Saved data entries
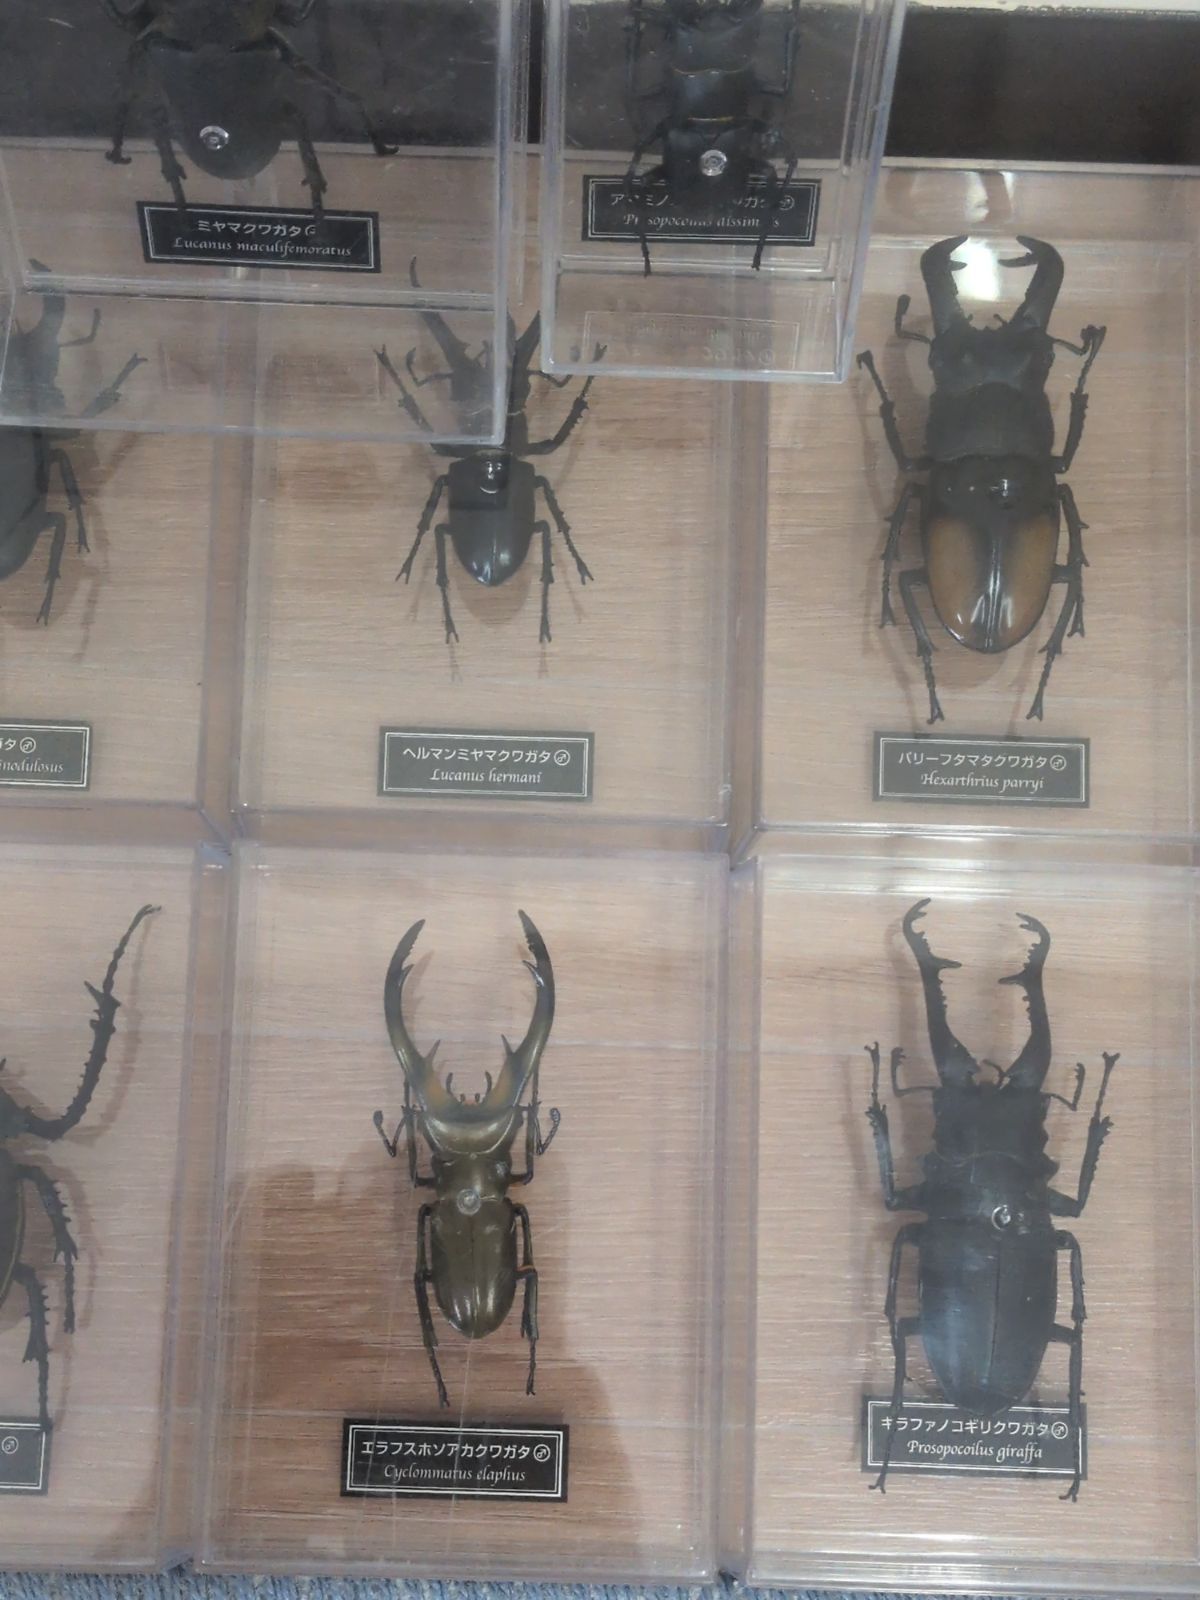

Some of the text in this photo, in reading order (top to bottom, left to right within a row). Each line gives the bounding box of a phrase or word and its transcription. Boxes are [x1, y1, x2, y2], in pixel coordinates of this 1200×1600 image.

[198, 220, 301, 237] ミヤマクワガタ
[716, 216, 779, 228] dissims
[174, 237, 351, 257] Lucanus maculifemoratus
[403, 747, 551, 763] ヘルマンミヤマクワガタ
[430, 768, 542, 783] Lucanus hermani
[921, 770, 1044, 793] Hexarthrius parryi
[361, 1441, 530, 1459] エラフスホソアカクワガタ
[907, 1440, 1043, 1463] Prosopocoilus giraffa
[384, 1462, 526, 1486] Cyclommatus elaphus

» Work to be completed
Quote the data above in full and without alteration; skip the pictures.

» Your solution
Some of the text in this photo, in reading order (top to bottom, left to right within a row). Each line gives the bounding box of a phrase or word and its transcription. Boxes are [x1, y1, x2, y2], in pixel coordinates of this 1200×1600 image.

[198, 220, 301, 237] ミヤマクワガタ
[716, 216, 779, 228] dissims
[174, 237, 351, 257] Lucanus maculifemoratus
[403, 747, 551, 763] ヘルマンミヤマクワガタ
[430, 768, 542, 783] Lucanus hermani
[921, 770, 1044, 793] Hexarthrius parryi
[361, 1441, 530, 1459] エラフスホソアカクワガタ
[907, 1440, 1043, 1463] Prosopocoilus giraffa
[384, 1462, 526, 1486] Cyclommatus elaphus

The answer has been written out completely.